··· RECORDS
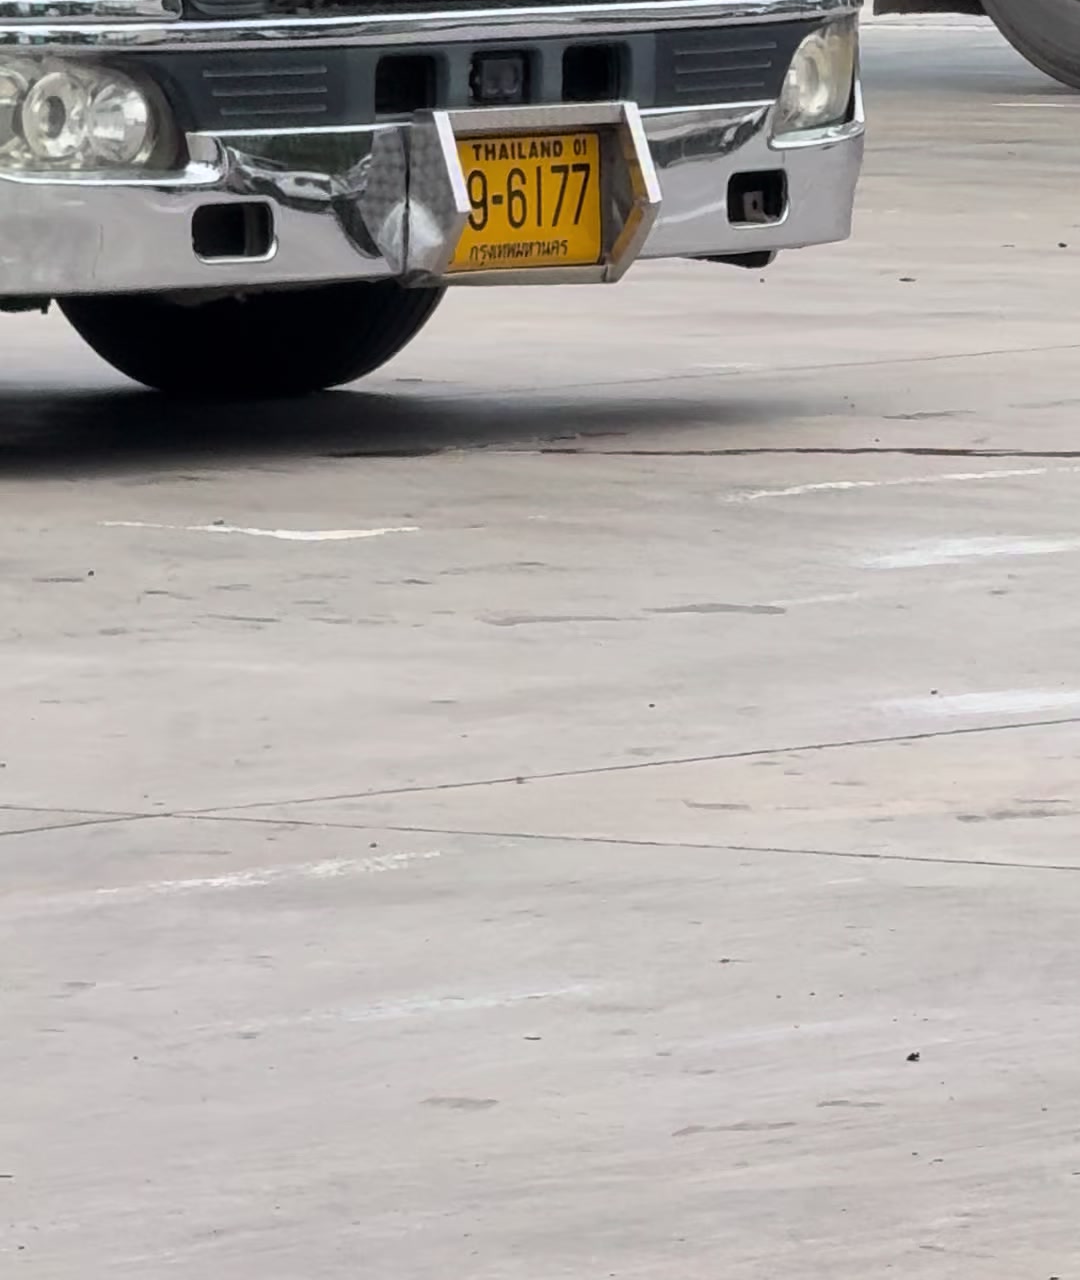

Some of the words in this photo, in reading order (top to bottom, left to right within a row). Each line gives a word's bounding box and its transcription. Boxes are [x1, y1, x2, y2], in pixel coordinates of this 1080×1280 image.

[472, 140, 563, 161] THAILAND
[469, 239, 568, 267] กรุงเทพมหานคร
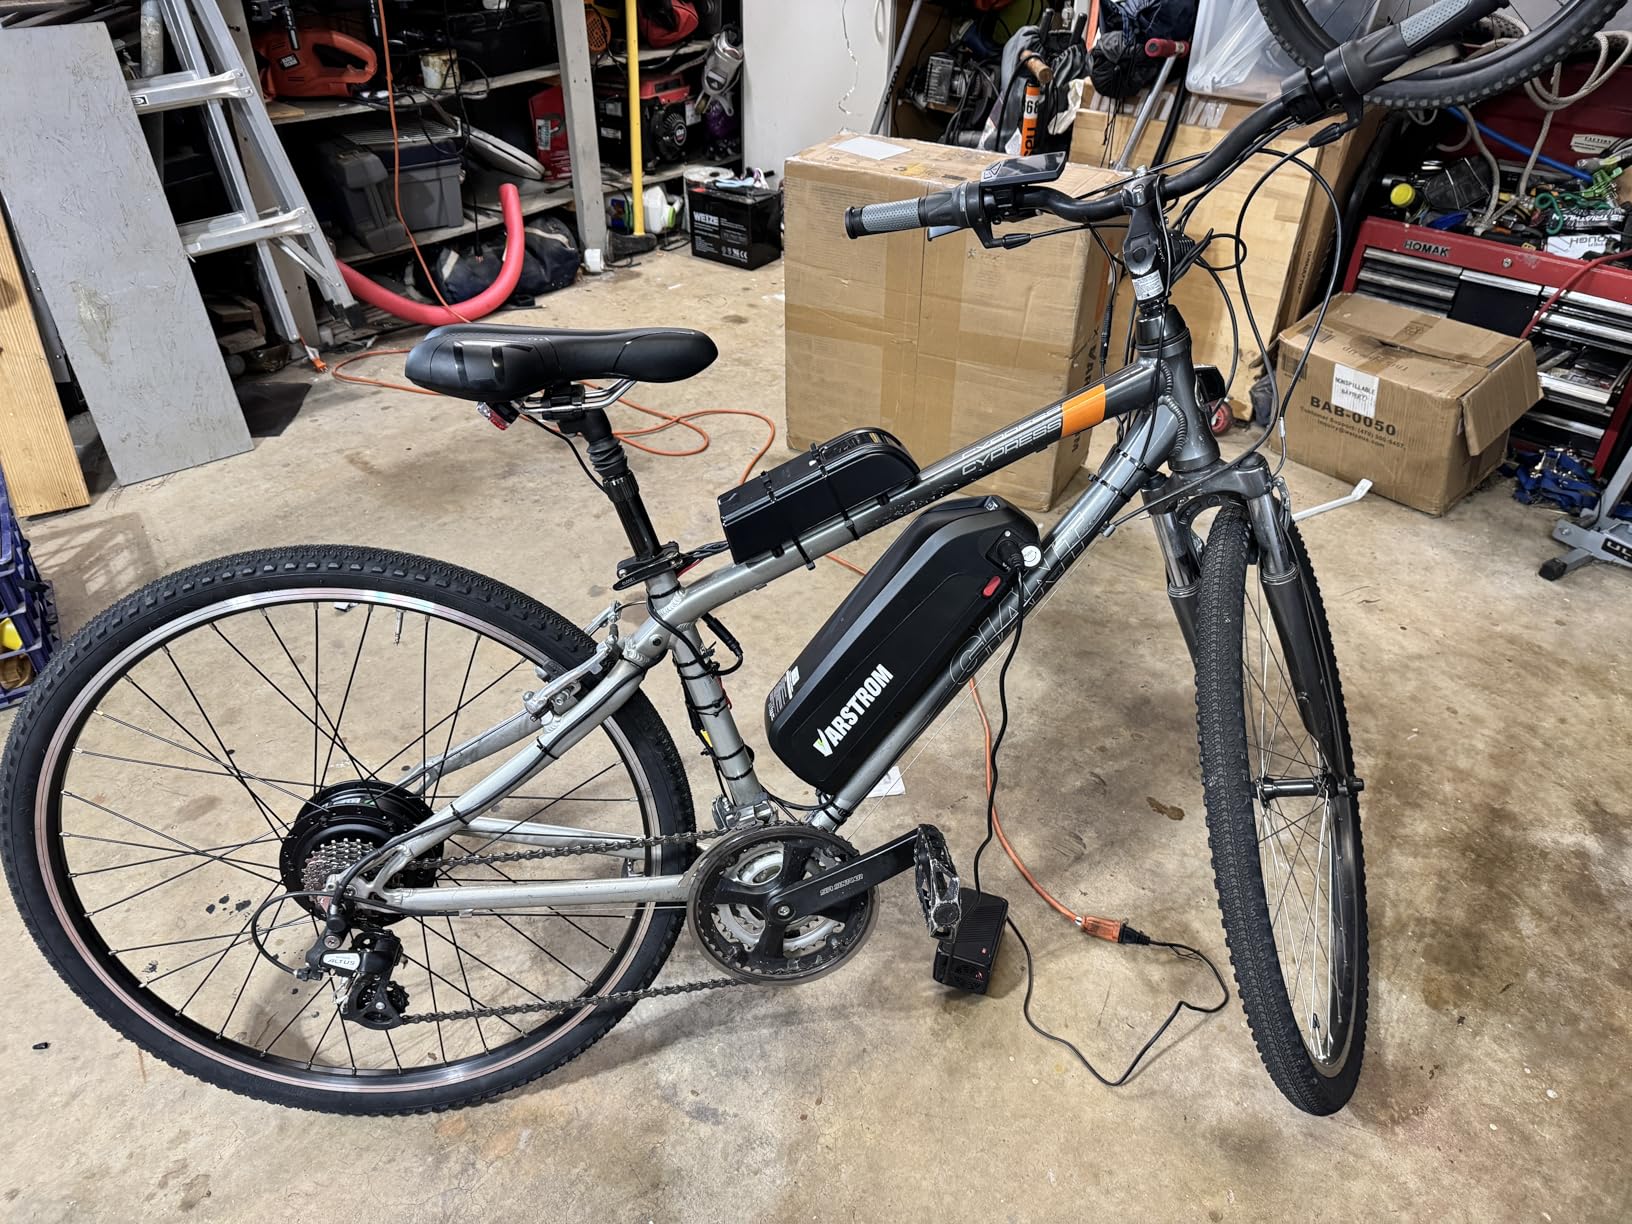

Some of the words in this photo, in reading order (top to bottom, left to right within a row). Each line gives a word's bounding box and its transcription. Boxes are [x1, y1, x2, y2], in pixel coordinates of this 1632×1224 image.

[693, 211, 719, 226] WEIZE
[1403, 240, 1450, 257] HOMAK
[1310, 396, 1397, 437] BAB-0050
[961, 418, 1062, 476] CYPRESS
[812, 663, 894, 757] VARSTROM
······
**PROBLEM DETAILS:**
The records above are to be restated word for word, with every picture left out.

**RESPONSE BOX:**
Some of the words in this photo, in reading order (top to bottom, left to right within a row). Each line gives a word's bounding box and its transcription. Boxes are [x1, y1, x2, y2], in pixel coordinates of this 1080×1280 image.

[472, 140, 563, 161] THAILAND
[469, 239, 568, 267] กรุงเทพมหานคร

Some of the words in this photo, in reading order (top to bottom, left to right within a row). Each line gives a word's bounding box and its transcription. Boxes are [x1, y1, x2, y2], in pixel coordinates of this 1632×1224 image.

[693, 211, 719, 226] WEIZE
[1403, 240, 1450, 257] HOMAK
[1310, 396, 1397, 437] BAB-0050
[961, 418, 1062, 476] CYPRESS
[812, 663, 894, 757] VARSTROM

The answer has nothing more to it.